>>>

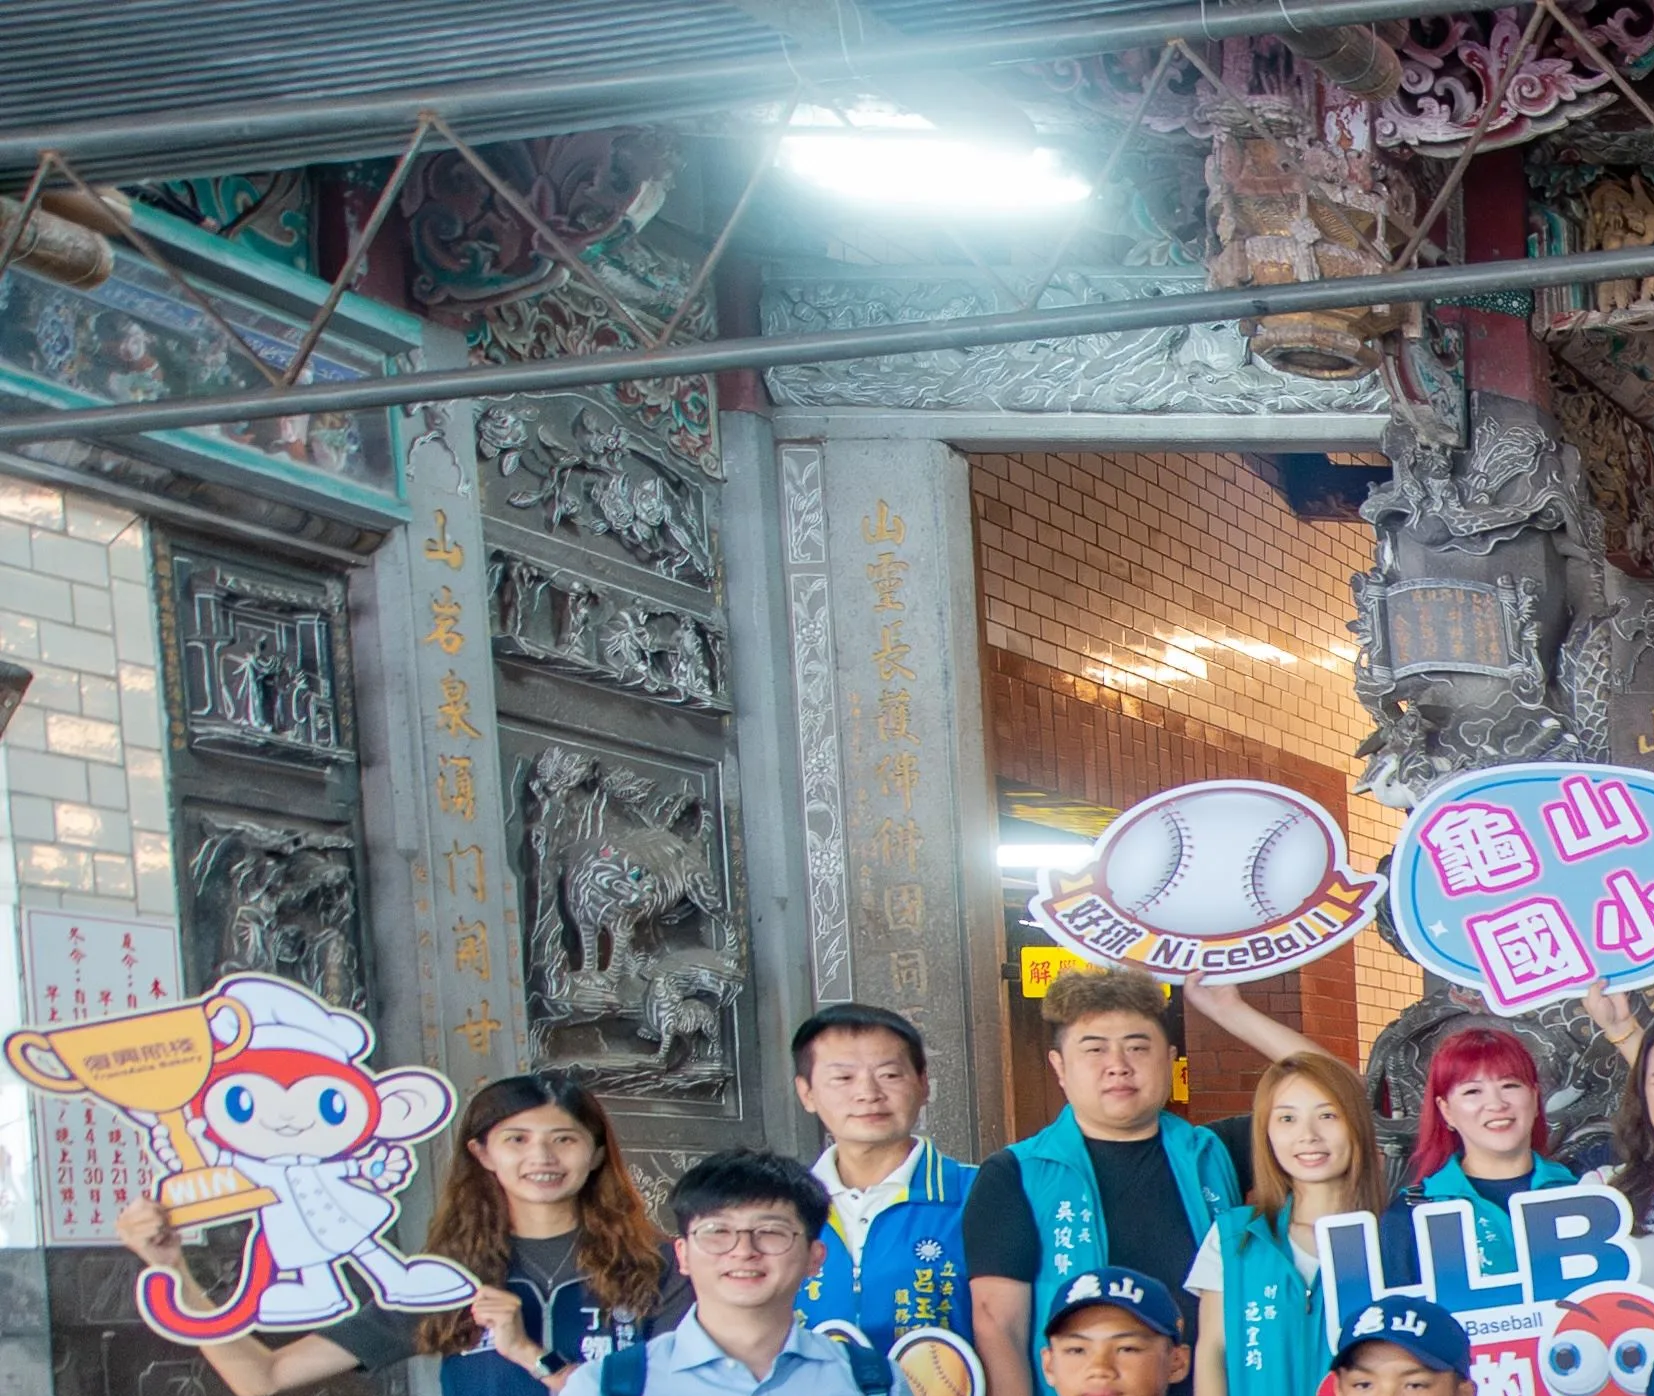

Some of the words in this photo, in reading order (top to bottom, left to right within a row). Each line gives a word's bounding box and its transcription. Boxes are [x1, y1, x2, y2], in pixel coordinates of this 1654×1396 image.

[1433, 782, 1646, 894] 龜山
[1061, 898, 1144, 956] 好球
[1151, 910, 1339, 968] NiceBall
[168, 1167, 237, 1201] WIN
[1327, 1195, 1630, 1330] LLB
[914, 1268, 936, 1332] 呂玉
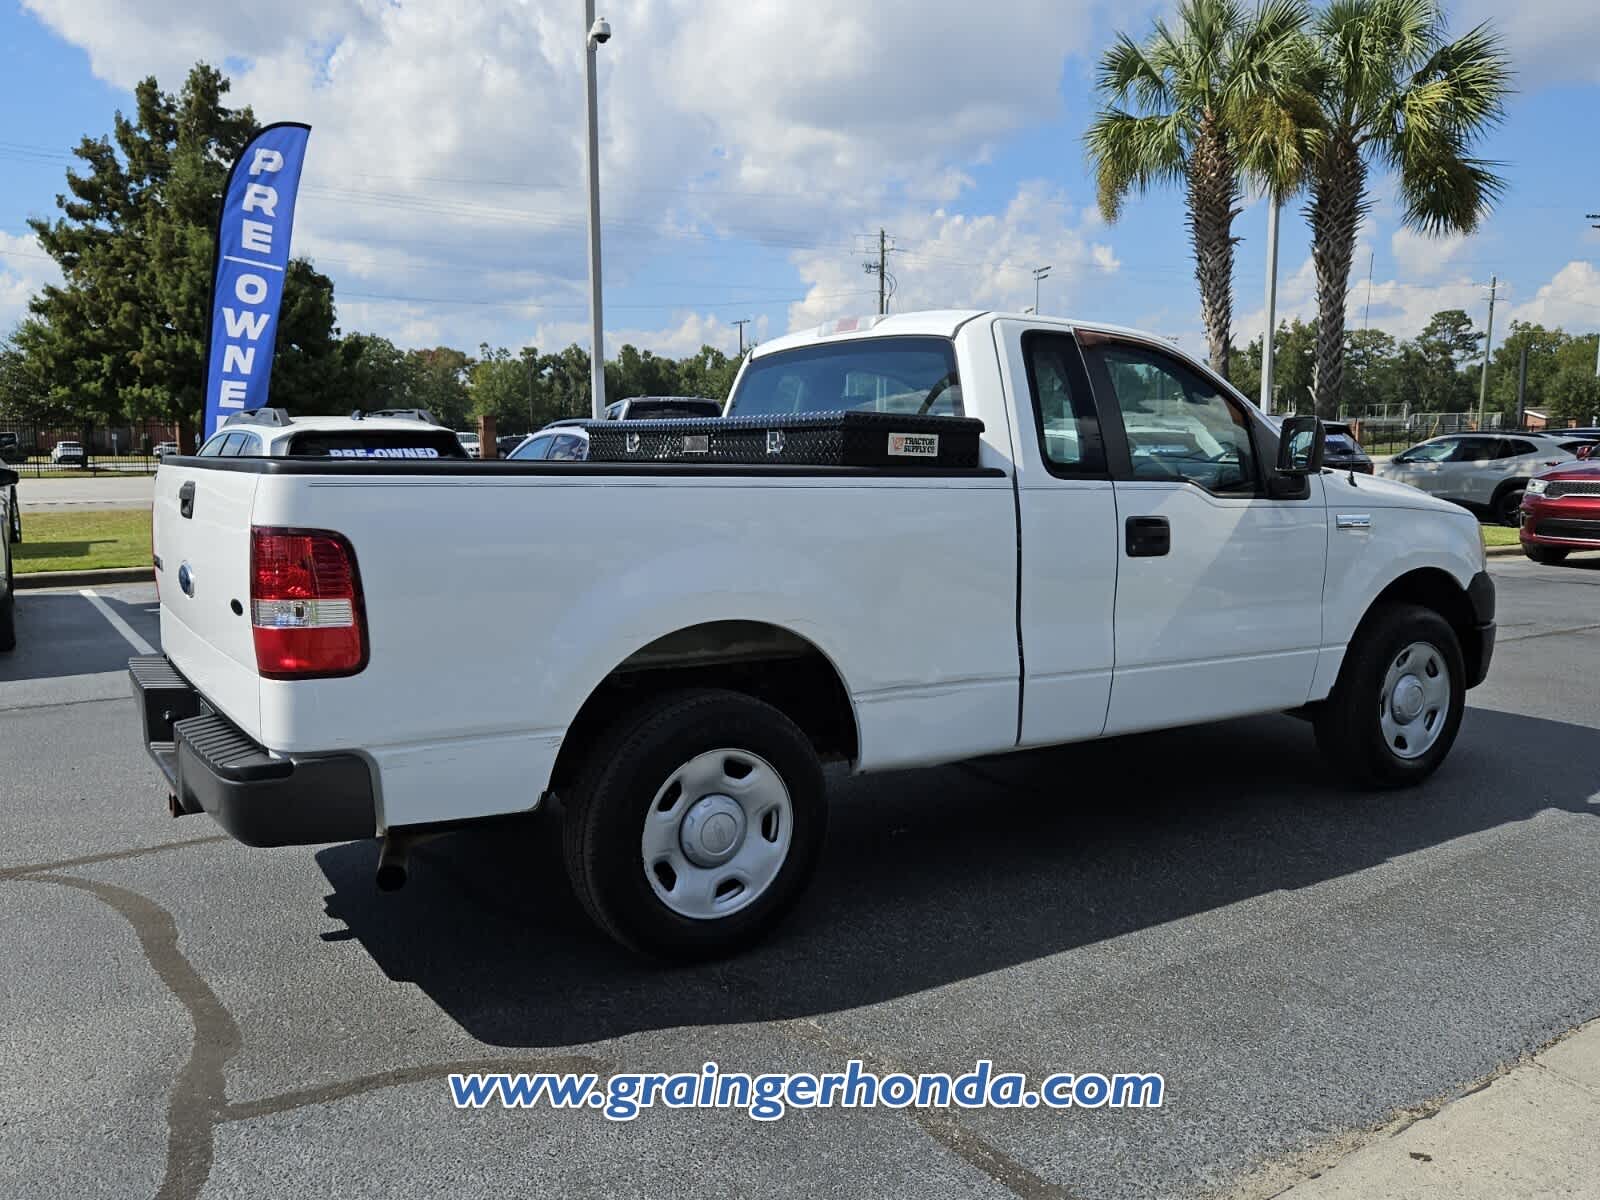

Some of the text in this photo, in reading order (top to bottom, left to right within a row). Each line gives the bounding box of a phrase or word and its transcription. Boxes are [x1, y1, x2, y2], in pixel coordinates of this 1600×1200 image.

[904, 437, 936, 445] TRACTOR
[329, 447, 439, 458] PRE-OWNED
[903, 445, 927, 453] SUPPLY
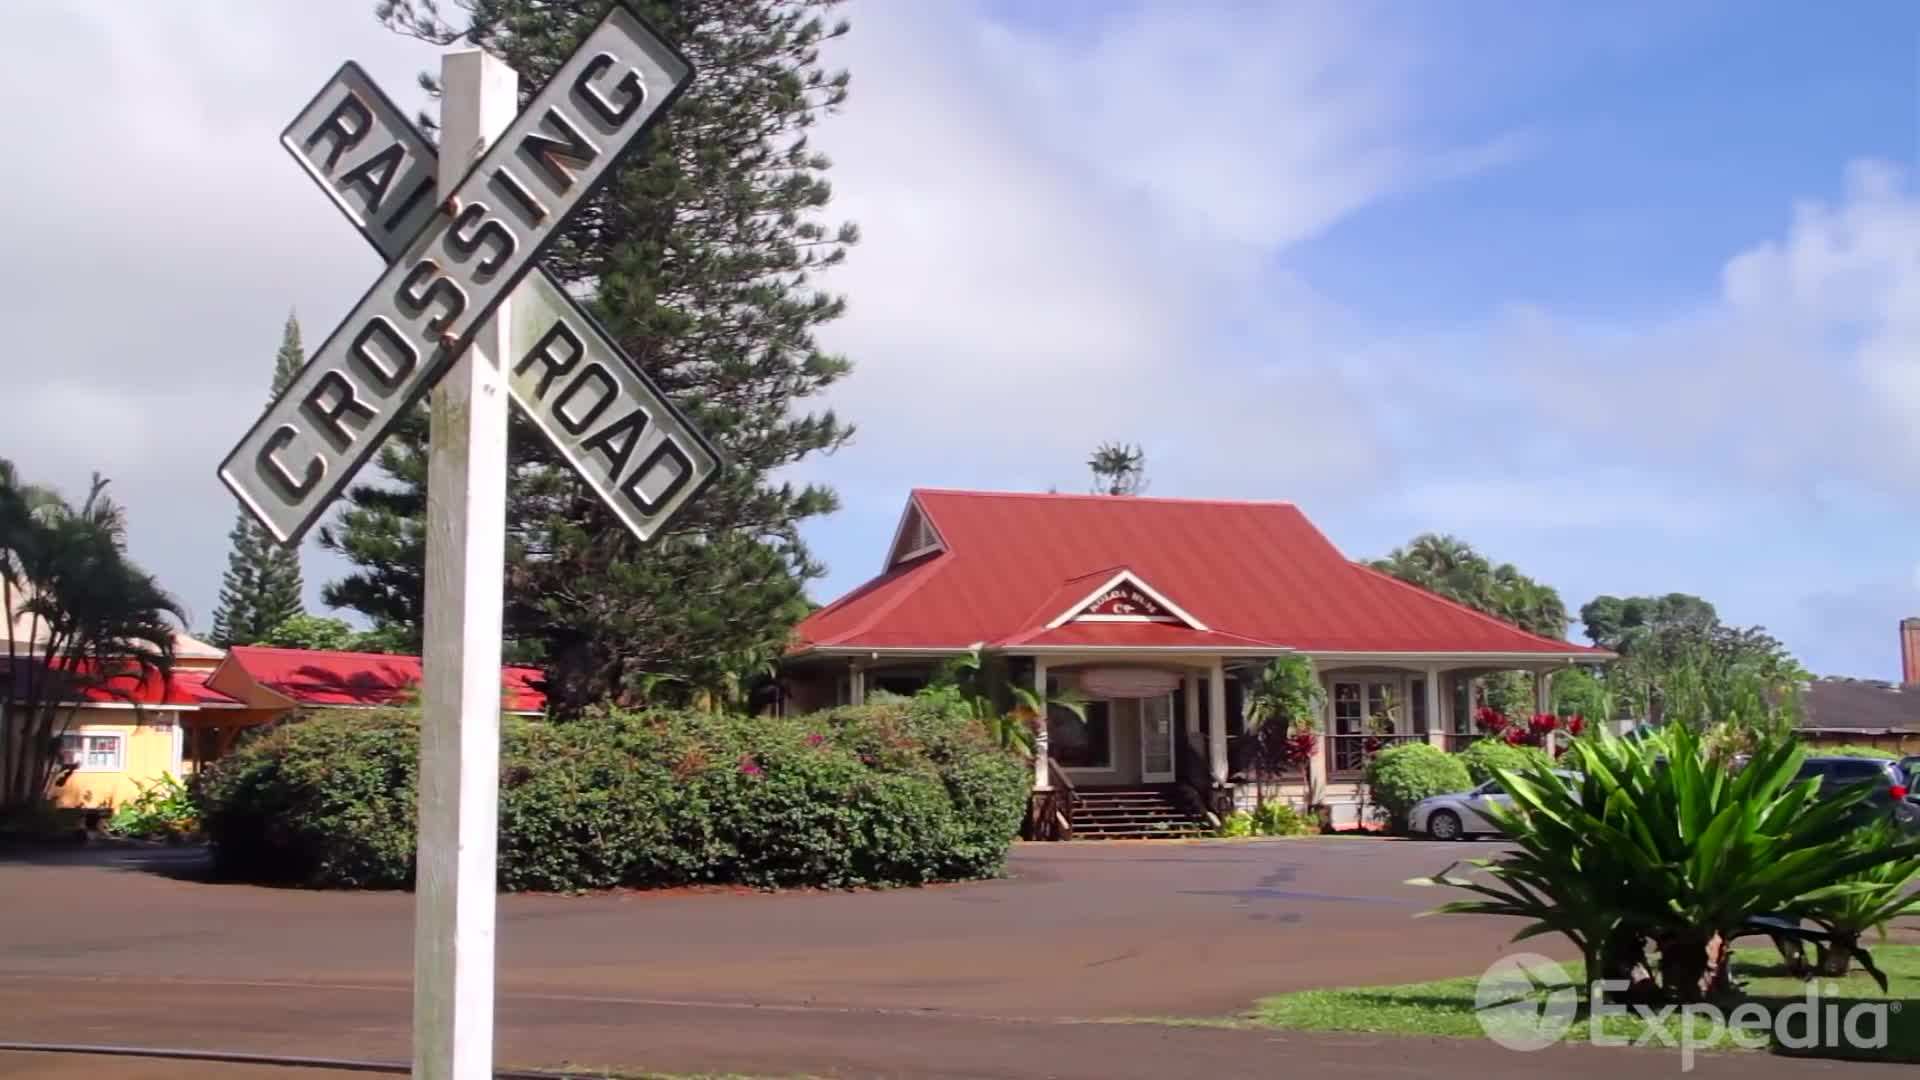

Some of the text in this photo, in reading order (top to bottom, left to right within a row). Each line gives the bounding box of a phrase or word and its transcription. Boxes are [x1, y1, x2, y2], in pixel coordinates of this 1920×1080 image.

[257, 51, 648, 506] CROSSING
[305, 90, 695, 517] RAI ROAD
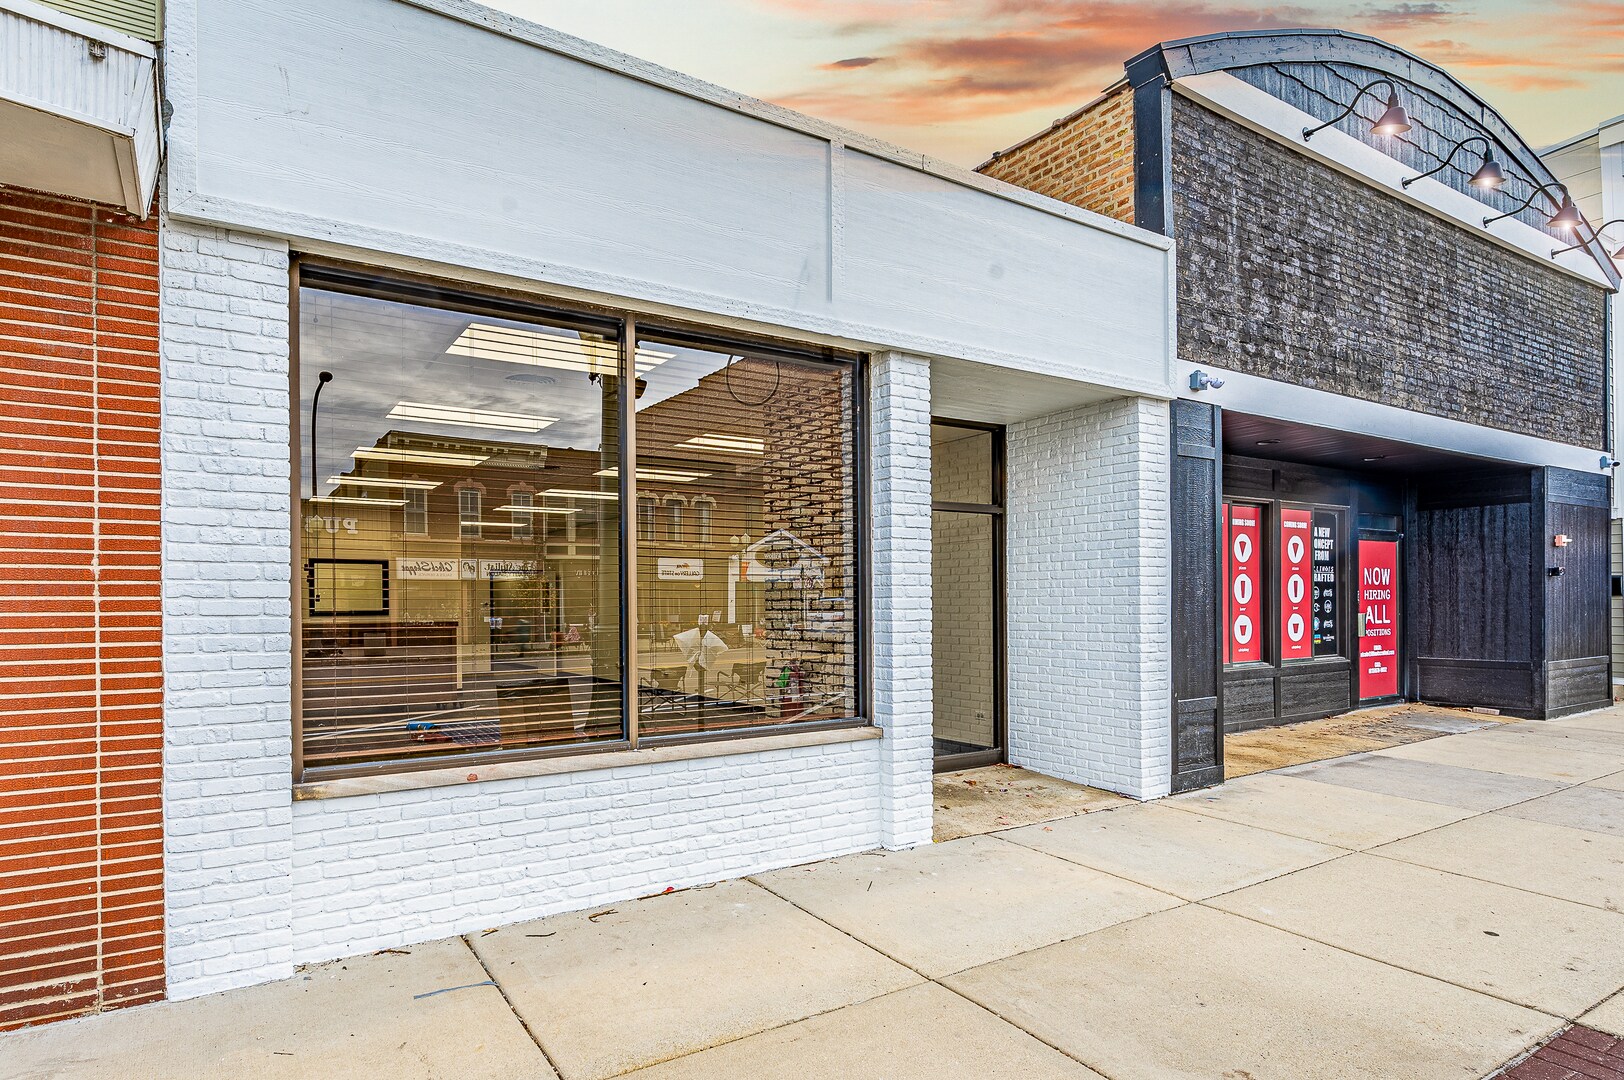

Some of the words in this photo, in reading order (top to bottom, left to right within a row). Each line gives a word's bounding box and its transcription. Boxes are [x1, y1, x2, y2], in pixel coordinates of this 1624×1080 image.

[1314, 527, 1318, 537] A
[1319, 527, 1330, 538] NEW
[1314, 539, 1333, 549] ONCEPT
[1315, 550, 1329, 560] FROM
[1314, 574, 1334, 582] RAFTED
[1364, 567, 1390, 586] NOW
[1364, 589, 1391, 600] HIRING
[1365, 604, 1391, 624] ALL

<<<

• _Aim of the exercise_: Keep the pictures out of the copy and return the rest of the data above exactly.

• _Result for this exercise_:
Some of the words in this photo, in reading order (top to bottom, left to right within a row). Each line gives a word's bounding box and its transcription. Boxes are [x1, y1, x2, y2], in pixel coordinates of this 1654×1396 image.

[1433, 782, 1646, 894] 龜山
[1061, 898, 1144, 956] 好球
[1151, 910, 1339, 968] NiceBall
[168, 1167, 237, 1201] WIN
[1327, 1195, 1630, 1330] LLB
[914, 1268, 936, 1332] 呂玉

Some of the text in this photo, in reading order (top to bottom, left to right within a row). Each line gives the bounding box of a phrase or word and its transcription. Boxes are [x1, y1, x2, y2], in pixel coordinates of this 1600×1200 image.

[904, 437, 936, 445] TRACTOR
[329, 447, 439, 458] PRE-OWNED
[903, 445, 927, 453] SUPPLY

Some of the text in this photo, in reading order (top to bottom, left to right within a row). Each line gives the bounding box of a phrase or word and its transcription. Boxes are [x1, y1, x2, y2], in pixel coordinates of this 1920×1080 image.

[257, 51, 648, 506] CROSSING
[305, 90, 695, 517] RAI ROAD

Some of the words in this photo, in reading order (top to bottom, left to right within a row). Each line gives a word's bounding box and its transcription. Boxes are [x1, y1, x2, y2], in pixel coordinates of this 1624×1080 image.

[1314, 527, 1318, 537] A
[1319, 527, 1330, 538] NEW
[1314, 539, 1333, 549] ONCEPT
[1315, 550, 1329, 560] FROM
[1314, 574, 1334, 582] RAFTED
[1364, 567, 1390, 586] NOW
[1364, 589, 1391, 600] HIRING
[1365, 604, 1391, 624] ALL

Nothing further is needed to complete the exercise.